Out in the corridor, the metallic beams had come loose and were now sharp, free floating spears.  Lancaster would not have time to dodge them.  He spun around the edge of the doorway, placed his feet against the wall, and shoved off, propelling himself as quickly as possible toward the outer hatch.  Debris knocked against him as though trying to change his course, but Lancaster kept on along the straight line.  Little Jack was still shouting to him on his Talki, but Lancaster was not using the energy to respond.  The ship was crumpling behind him.  He could hear it, and in one look behind him, he could see it.  The end of the arterial corridor smashed into itself as though an outer hand was crushing it in the middle of its fist.  Meter by meter it collapsed, coming closer and catching up to him.
When Lancaster reached a corner, he held out a hand to change his direction, and he shoved off to give him more speed.  One of the sharpened beams brushed by him at a bullet’s speed, leaving a gash on his side.  He knew blood was emerging, he could see a trail of red dropping behind him, but he didn’t take the time to think about it.  The hatchway was achingly close.
He could feel the pressure on his own body.  His ears were ringing and his muscles were tense.  It felt as though someone had his head in a vice grip and it was closing rapidly.  The hatchway in front of him grew red past his bloodshot eyes.  He reached his hand forward to grasp it, and found it difficult to move, as though he was being turned to stone and formed into a statue.  He felt his fingers take hold and somehow he pulled himself into Odin’s Revenge, but he had no consciousness of how he did it.  The next thing he knew, he was shivering on the ship’s floor, and the hatchway had closed.  His body remained rigid, only slowly relaxing out of its tense repose as he gradually decompressed.
Though more prepared for these high pressure situations than most ships, Odin’s Revenge was not immune to the planet’s forces.  The alien vessel crumpled up beneath it, but the winds still jostled her around, and the gravity yanked at its hull, trying to pull it down into its abyss, as though hungry for another morsel.
Little Jack knew enough to fly with the wind, then gently pull up and away from the center of the planet.  As the hurricanes blew around him and the lightning flashes struck at every side, Little Jack piloted them out of the gas giant and back into normal space.

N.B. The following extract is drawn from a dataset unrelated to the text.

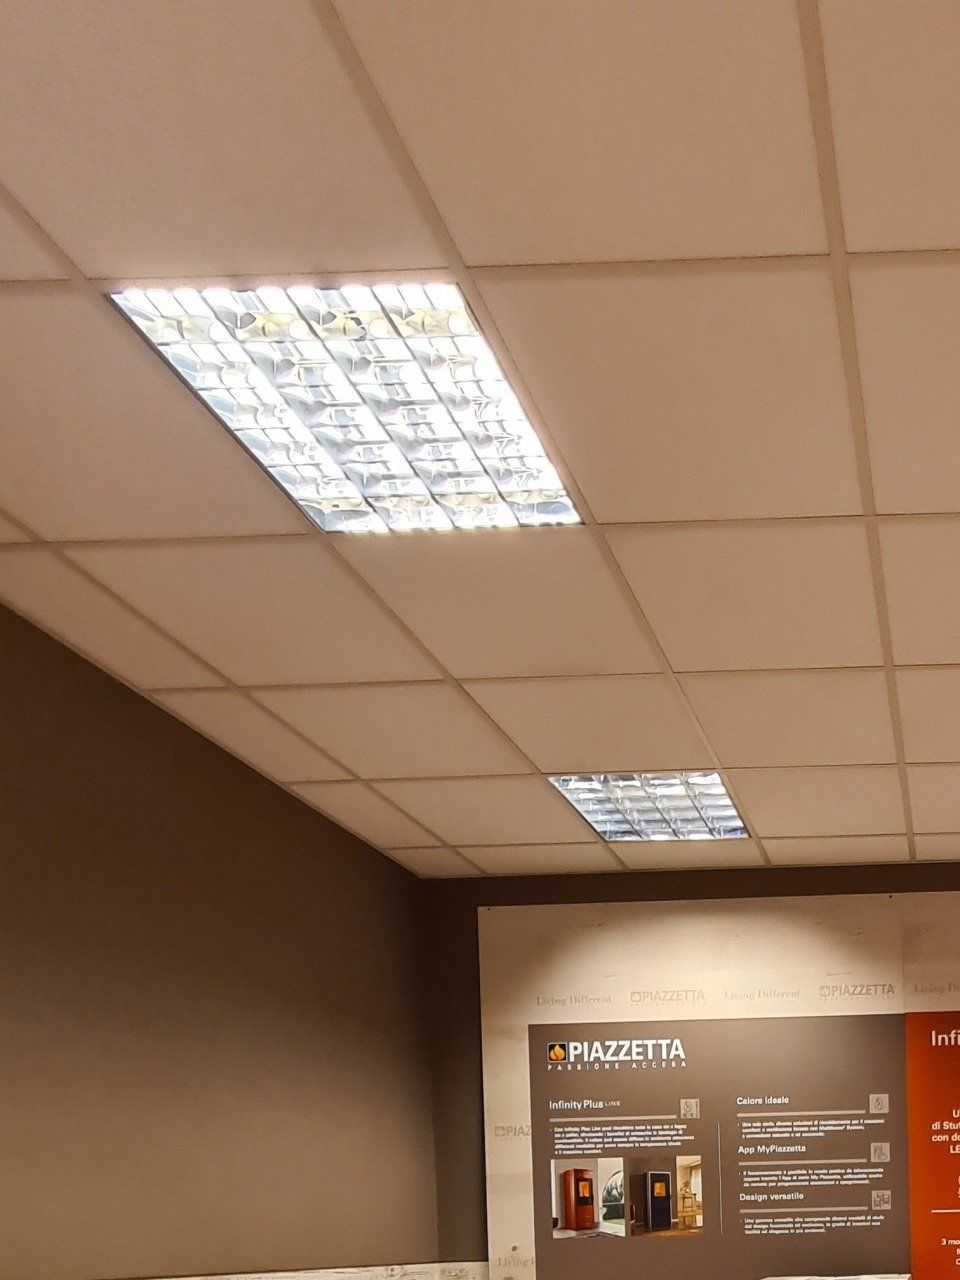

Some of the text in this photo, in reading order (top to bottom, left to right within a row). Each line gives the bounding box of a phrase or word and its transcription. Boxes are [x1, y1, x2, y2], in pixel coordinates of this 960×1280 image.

When Lancaster came to again, he felt stupid for having risked both their lives to get absolutely nothing.  He couldn’t trust the information he had seen.  Anything there could be, and probably was, an illusion.  But he did have his recorder, which ostensibly should have seen everything for what it was, unaltered by the ship’s defensive mechanism.
Lancaster waited for a time when Little Jack was not paying attention to him in the cockpit to plug the data into his own console.  If it wound up being an empty tray, which he assumed it would, he was already beating himself up enough.  He didn’t need Little Jack to do it, too.  His partner was already put out with him that he had so endangered both of their lives.

But, much to his surprise, Lancaster found everything he had seen on the alien vessel:  The map, the partial genetic code, more symbols and numbers of the Raginors, and the second star that was highlighted after Mintaka on the holographic map:  Sol, the star system of Earth.